*Aim of the task*.
Since only the words are wanted, reproduce every entry exactly and leave the images behind.

━━━━━ Supplied material

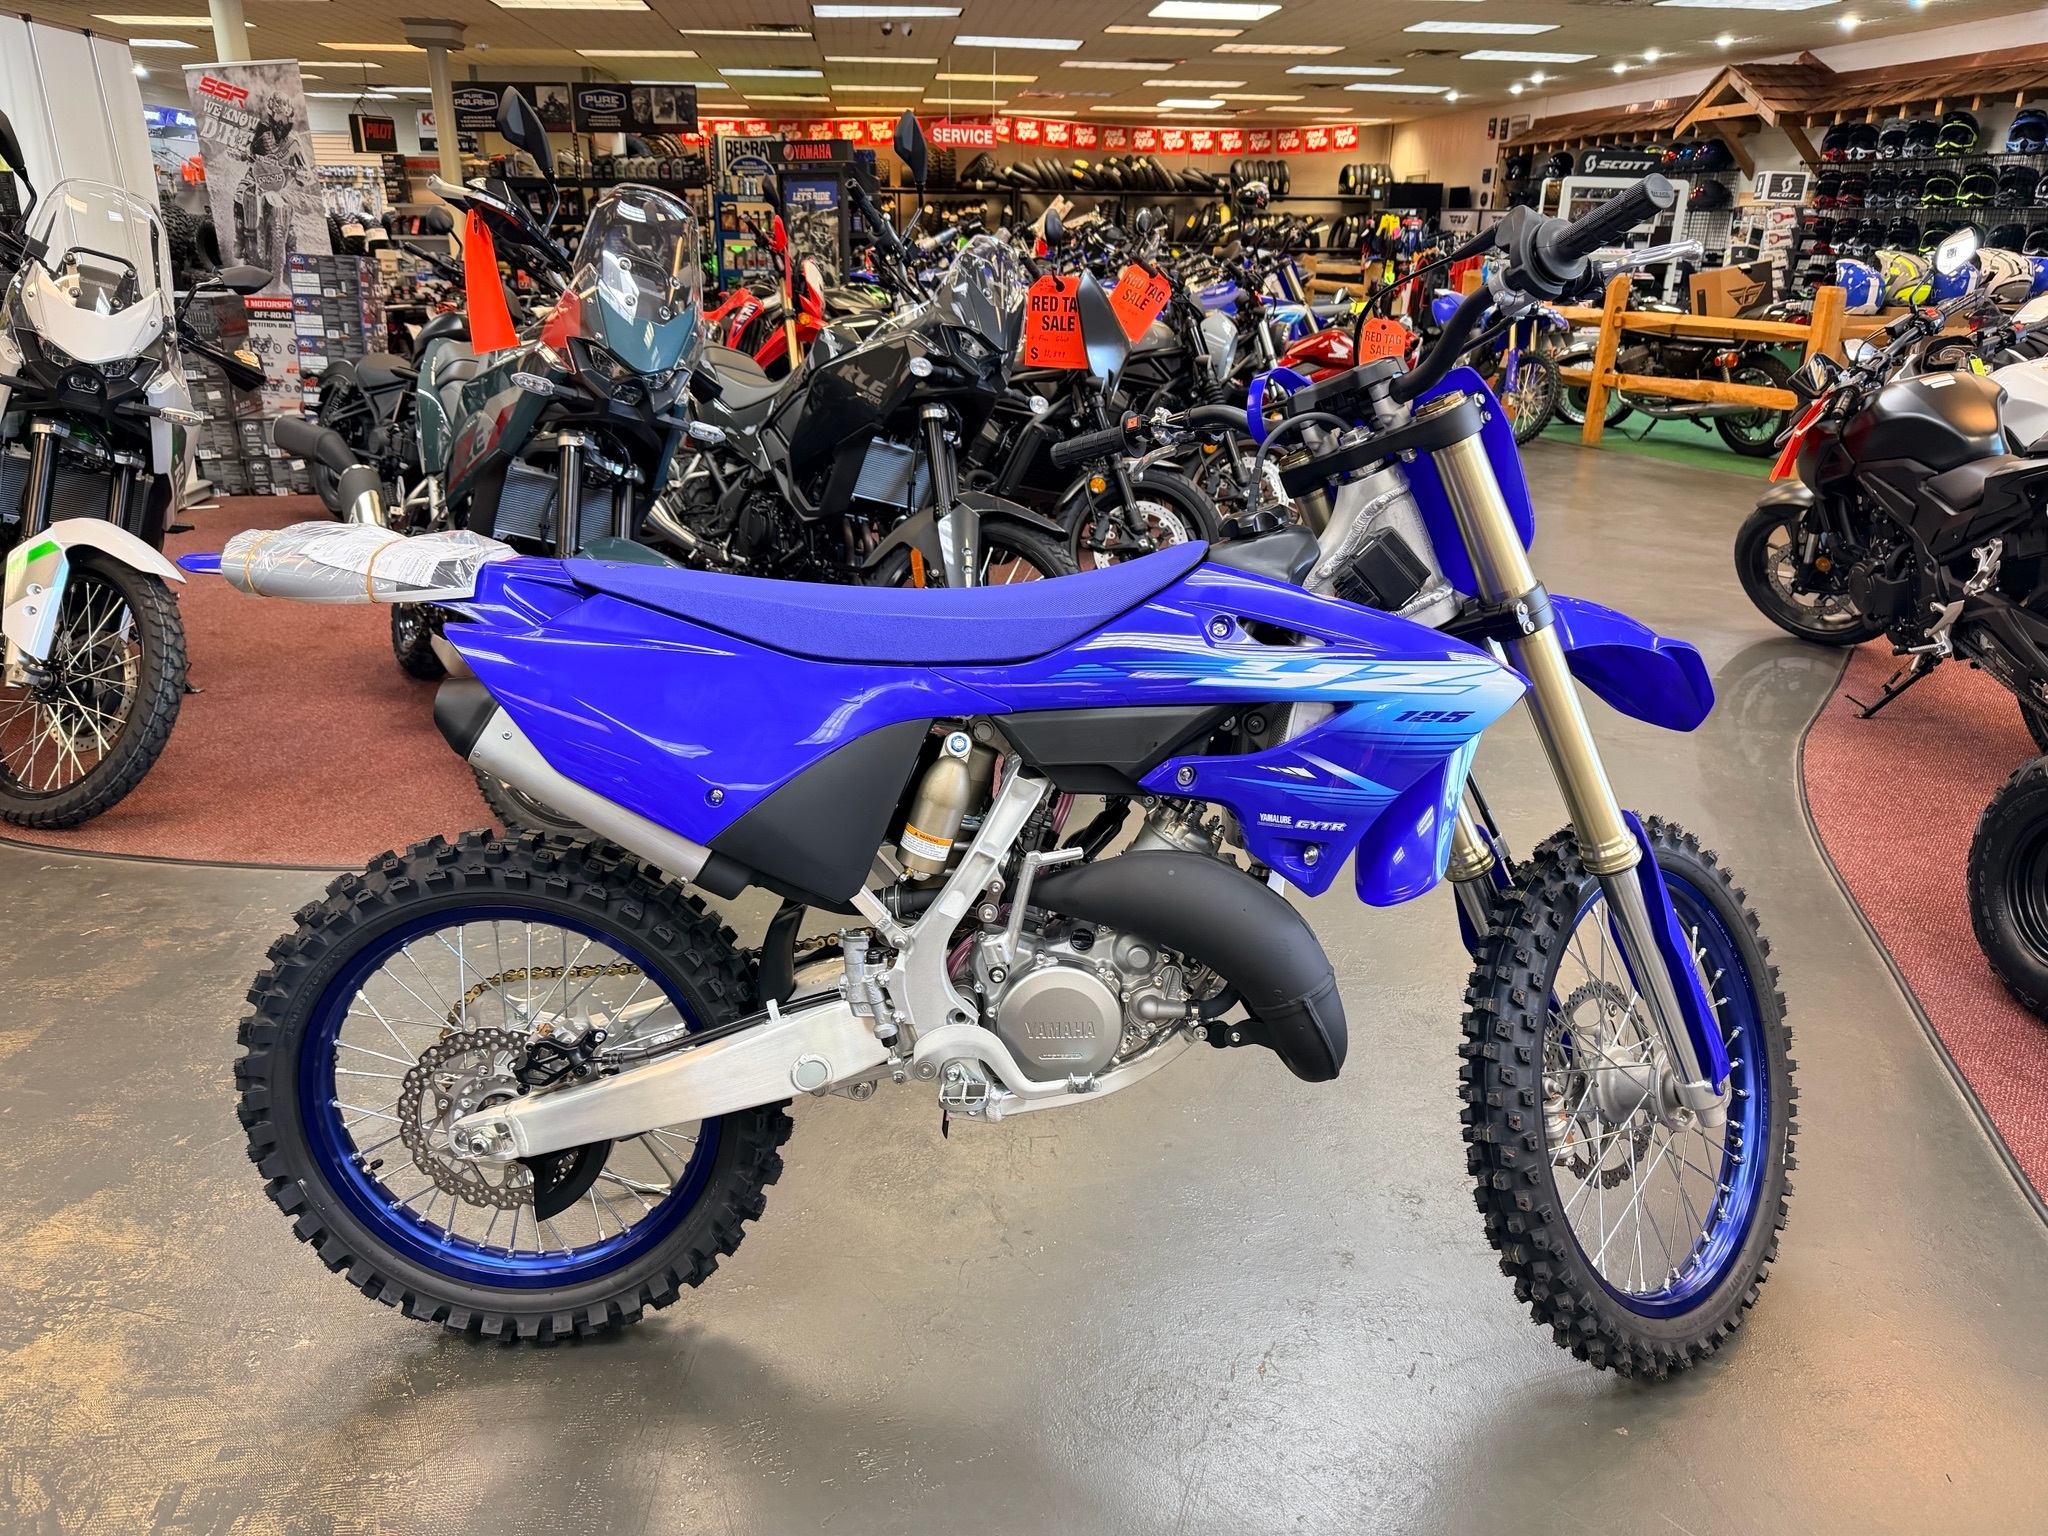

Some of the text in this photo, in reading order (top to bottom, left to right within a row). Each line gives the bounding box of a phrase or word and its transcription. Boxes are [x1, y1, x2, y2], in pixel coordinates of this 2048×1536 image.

[198, 76, 249, 110] SSR
[585, 95, 619, 104] PURE
[454, 98, 496, 106] POLARIS
[203, 100, 261, 130] WE KNOW
[366, 122, 393, 139] PILOT
[933, 128, 993, 144] SERVICE
[793, 143, 832, 160] YAMAHA
[1596, 160, 1655, 171] SCOTT
[792, 191, 812, 201] LET'S
[1123, 272, 1166, 304] RED TAG
[1031, 295, 1078, 313] RED TA
[1122, 288, 1150, 311] SALE
[254, 310, 292, 320] OFF-ROAD
[278, 321, 292, 329] BIKE
[1041, 315, 1076, 332] SALE
[1364, 330, 1402, 344] RED TAG
[1030, 346, 1039, 361] $
[1369, 344, 1393, 356] SALE
[837, 364, 888, 398] KLE
[862, 391, 883, 405] 500
[1190, 660, 1500, 695] YZ
[1393, 710, 1475, 723] 125
[1259, 813, 1292, 825] YAMALUBE
[1294, 820, 1348, 832] GYTR
[1024, 1021, 1096, 1039] YAMAHA

━━━━━━━━━━

*Task result*.
Some of the text in this photo, in reading order (top to bottom, left to right within a row). Each line gives the bounding box of a phrase or word and its transcription. Boxes are [x1, y1, x2, y2], in pixel coordinates of this 2048×1536 image.

[198, 76, 249, 110] SSR
[585, 95, 619, 104] PURE
[454, 98, 496, 106] POLARIS
[203, 100, 261, 130] WE KNOW
[366, 122, 393, 139] PILOT
[933, 128, 993, 144] SERVICE
[793, 143, 832, 160] YAMAHA
[1596, 160, 1655, 171] SCOTT
[792, 191, 812, 201] LET'S
[1123, 272, 1166, 304] RED TAG
[1031, 295, 1078, 313] RED TA
[1122, 288, 1150, 311] SALE
[254, 310, 292, 320] OFF-ROAD
[278, 321, 292, 329] BIKE
[1041, 315, 1076, 332] SALE
[1364, 330, 1402, 344] RED TAG
[1030, 346, 1039, 361] $
[1369, 344, 1393, 356] SALE
[837, 364, 888, 398] KLE
[862, 391, 883, 405] 500
[1190, 660, 1500, 695] YZ
[1393, 710, 1475, 723] 125
[1259, 813, 1292, 825] YAMALUBE
[1294, 820, 1348, 832] GYTR
[1024, 1021, 1096, 1039] YAMAHA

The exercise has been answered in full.